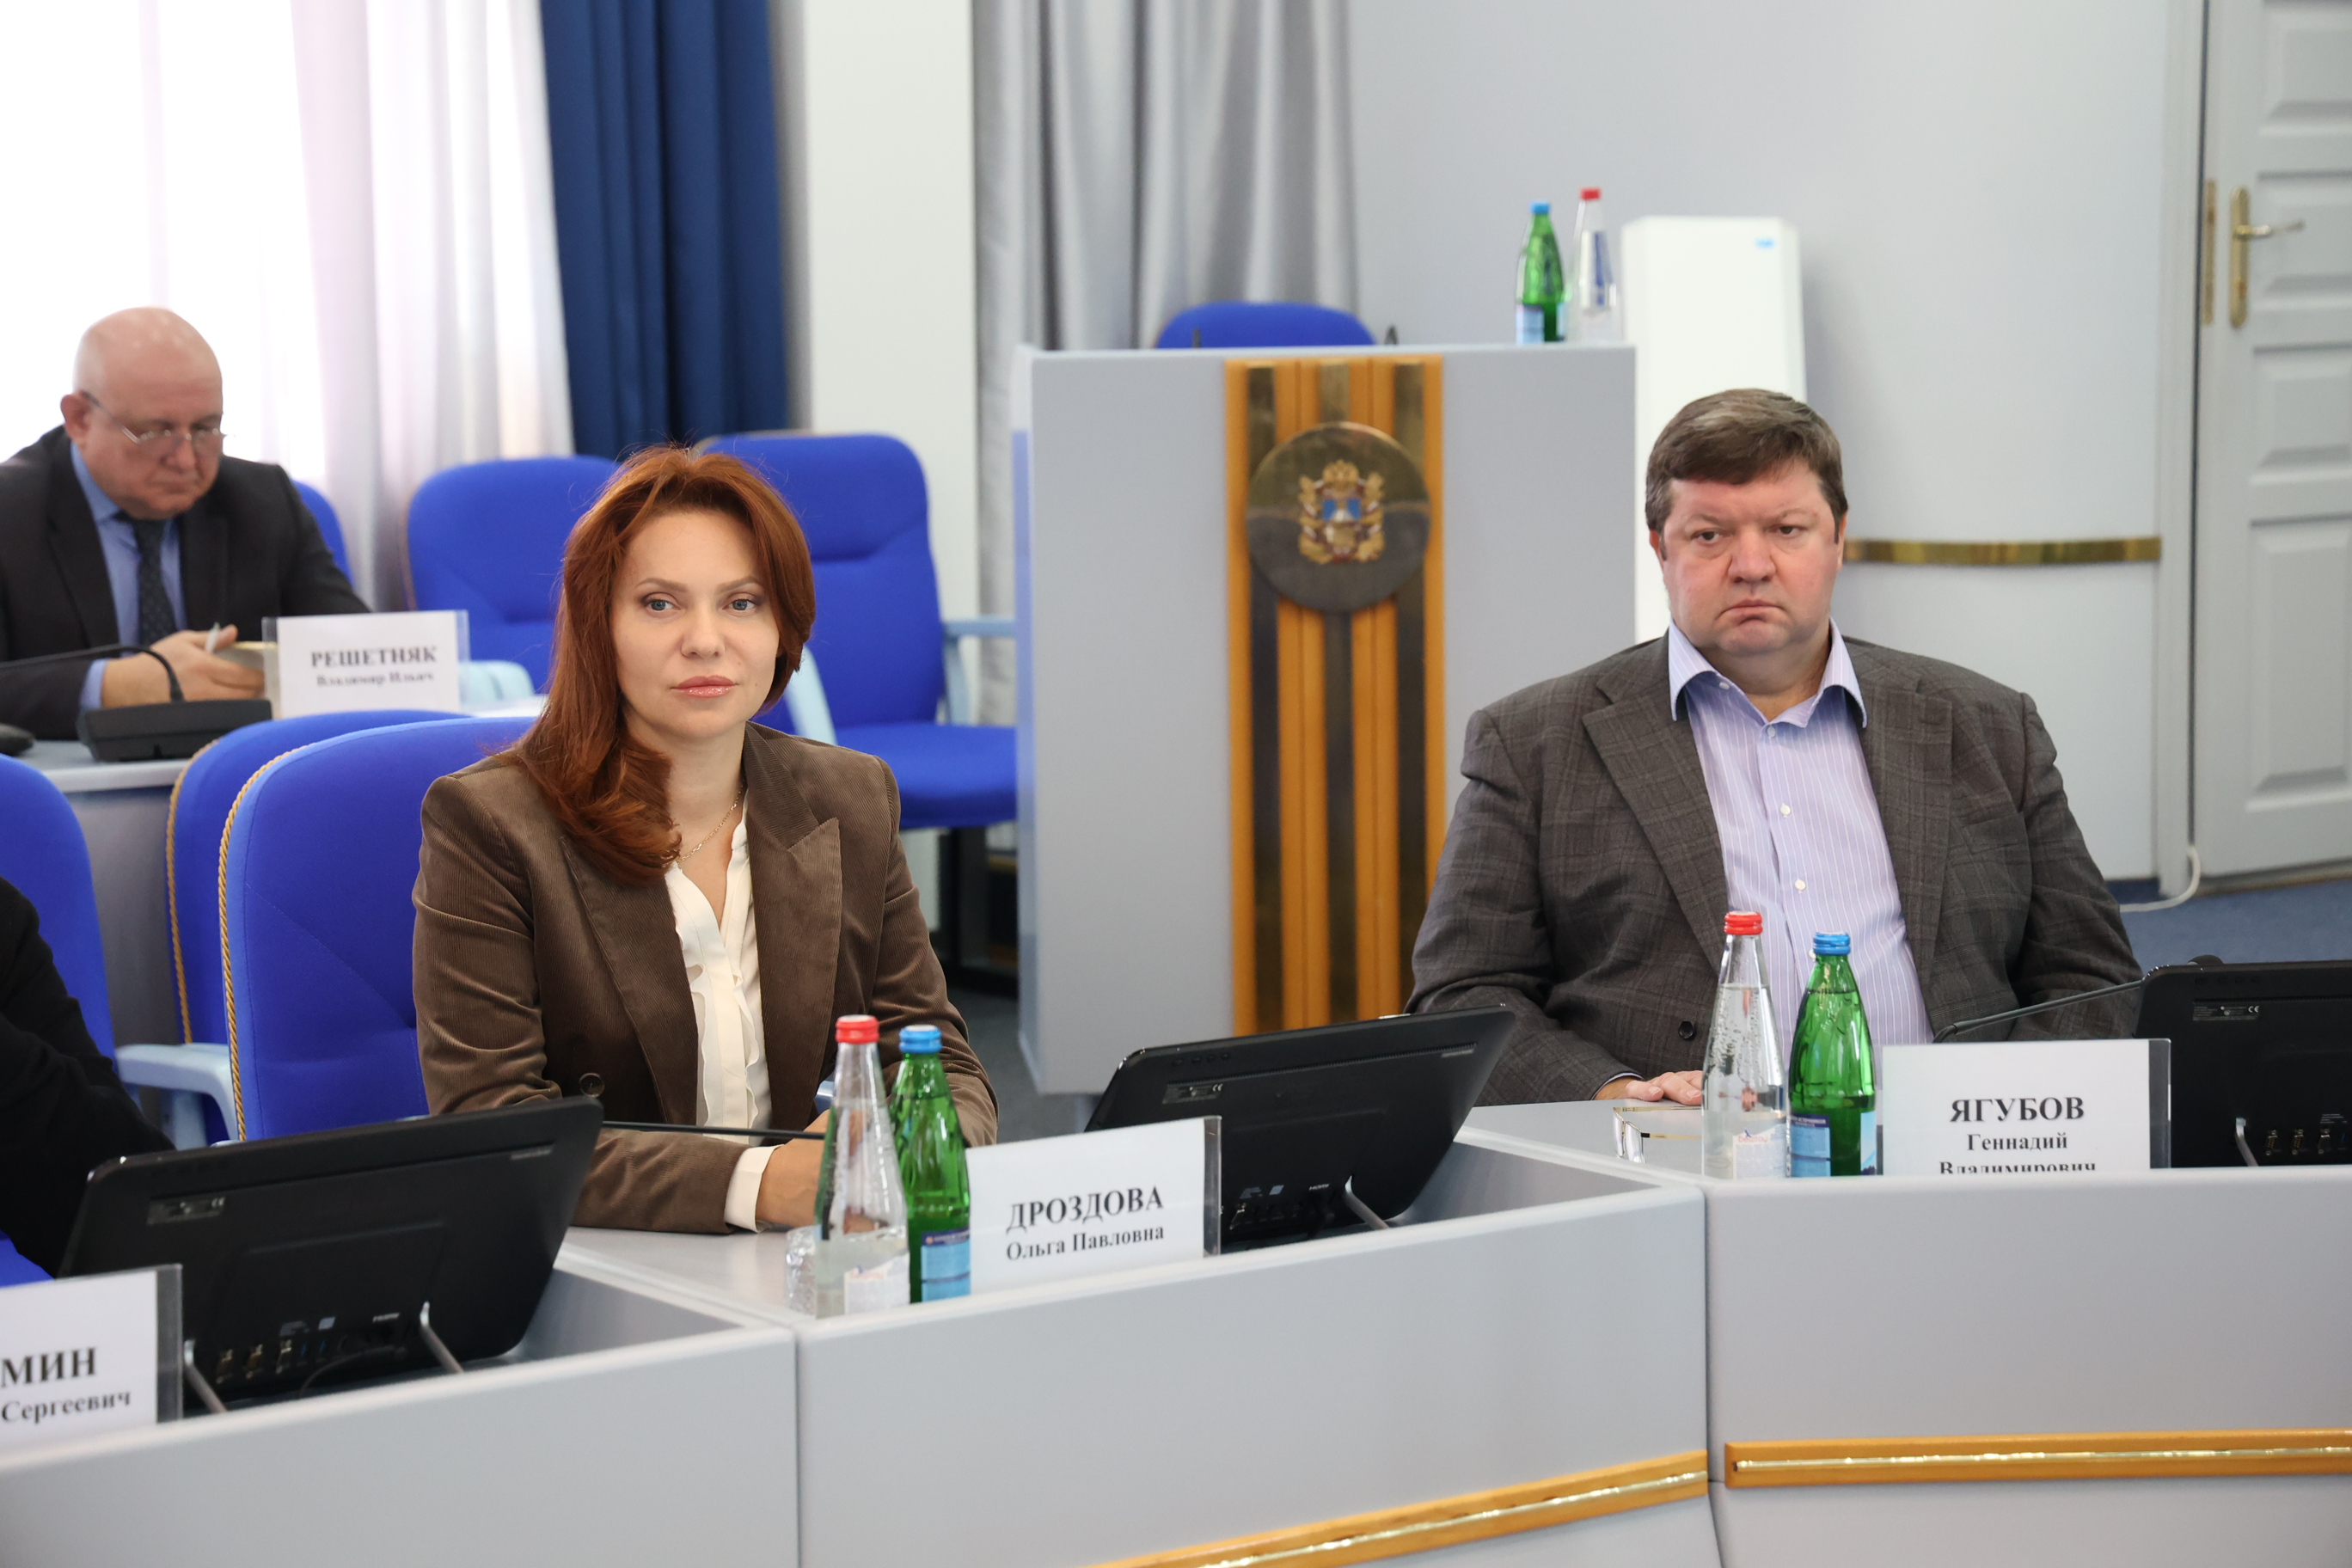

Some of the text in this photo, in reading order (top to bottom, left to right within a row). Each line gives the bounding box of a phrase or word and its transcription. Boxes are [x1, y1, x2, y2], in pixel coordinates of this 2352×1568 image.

[310, 647, 437, 668] РЕШЕТНЯК
[1950, 1096, 2085, 1123] ЯГУБОВ
[1968, 1132, 2068, 1151] Геннадий
[1006, 1185, 1164, 1234] ДРОЗДОВА
[1006, 1227, 1164, 1260] Ольга Павловна
[1, 1347, 96, 1387] МИН
[1, 1392, 131, 1424] Сергеевич

------------------------------------------------------------------------

Exact output of each line above is wanted, without the pictures.

Some of the text in this photo, in reading order (top to bottom, left to right within a row). Each line gives the bounding box of a phrase or word and its transcription. Boxes are [x1, y1, x2, y2], in pixel coordinates of this 2352×1568 image.

[310, 647, 437, 668] РЕШЕТНЯК
[1950, 1096, 2085, 1123] ЯГУБОВ
[1968, 1132, 2068, 1151] Геннадий
[1006, 1185, 1164, 1234] ДРОЗДОВА
[1006, 1227, 1164, 1260] Ольга Павловна
[1, 1347, 96, 1387] МИН
[1, 1392, 131, 1424] Сергеевич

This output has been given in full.